• _Work required_: All of the entries must be reproduced exactly, with no images carried over.

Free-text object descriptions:
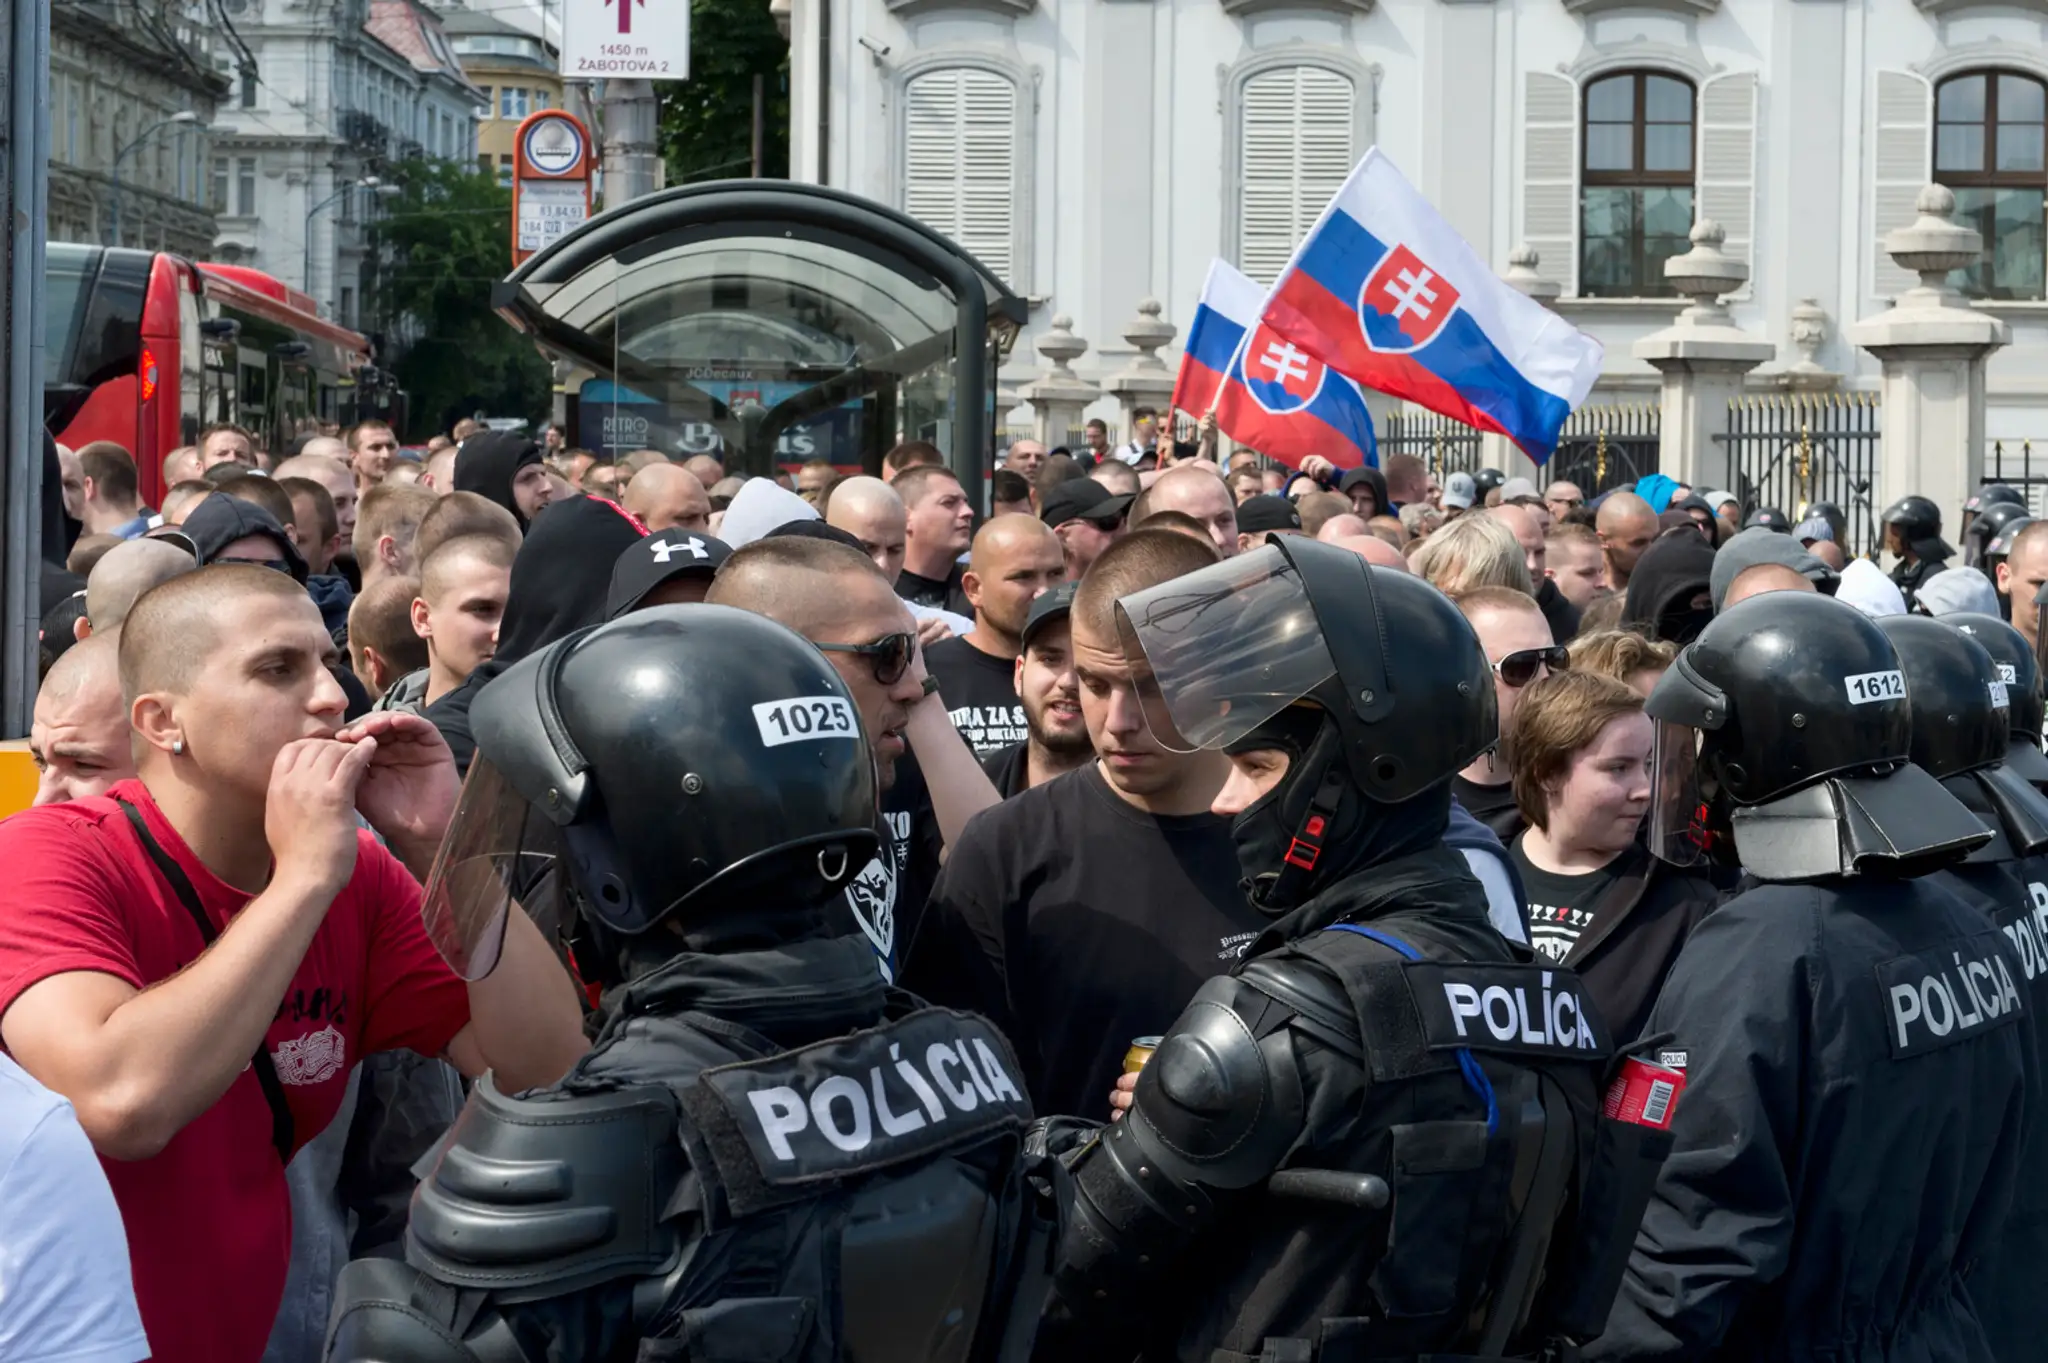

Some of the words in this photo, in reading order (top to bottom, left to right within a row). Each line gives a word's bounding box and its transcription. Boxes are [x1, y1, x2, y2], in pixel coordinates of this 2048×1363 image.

[600, 44, 632, 55] 1450
[635, 47, 648, 55] m
[578, 58, 656, 71] ŽABOTOVA
[661, 61, 669, 72] 2
[686, 367, 753, 380] JCDecaux
[1853, 674, 1903, 699] 1612
[768, 702, 850, 737] 1025
[1443, 971, 1597, 1049] POLÍCIA
[1890, 952, 2022, 1048] POLÍCIA
[748, 1037, 1022, 1161] POLÍCIA
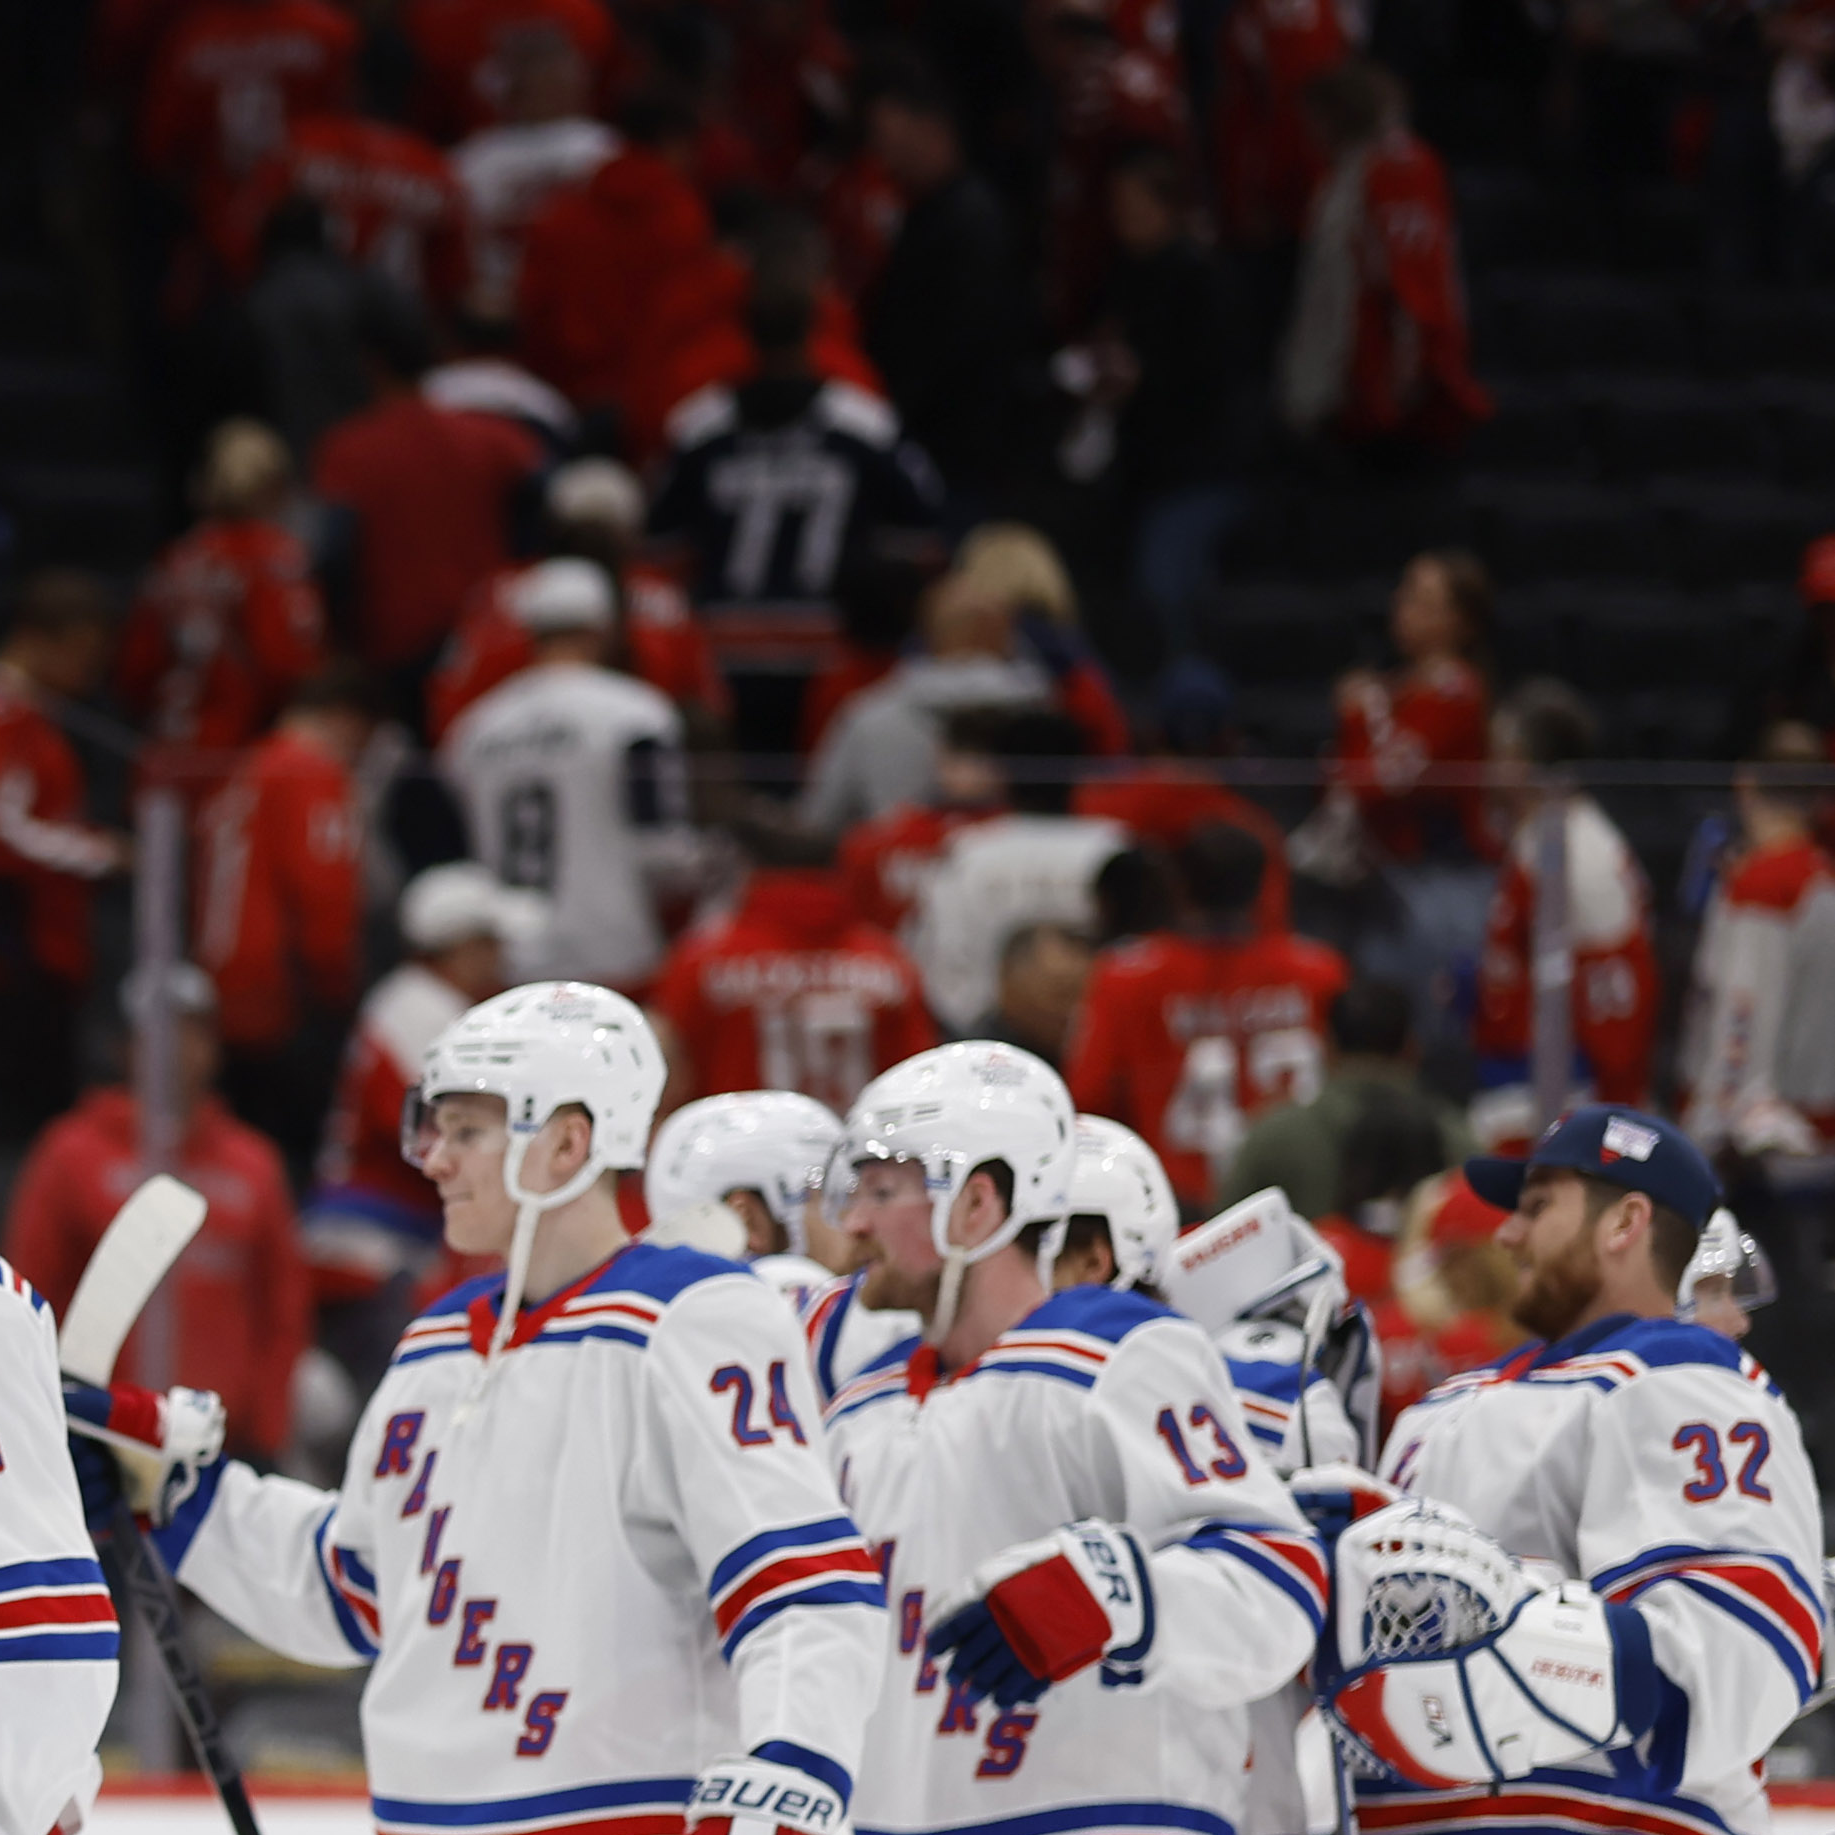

• _Answer to this task_:
Some of the words in this photo, in reading order (top to bottom, left to right within a row). Each line gives a word's bounding box and its transcription. Boxes are [x1, y1, x2, y2], in pixel coordinates of this 2048×1363 image.

[600, 44, 632, 55] 1450
[635, 47, 648, 55] m
[578, 58, 656, 71] ŽABOTOVA
[661, 61, 669, 72] 2
[686, 367, 753, 380] JCDecaux
[1853, 674, 1903, 699] 1612
[768, 702, 850, 737] 1025
[1443, 971, 1597, 1049] POLÍCIA
[1890, 952, 2022, 1048] POLÍCIA
[748, 1037, 1022, 1161] POLÍCIA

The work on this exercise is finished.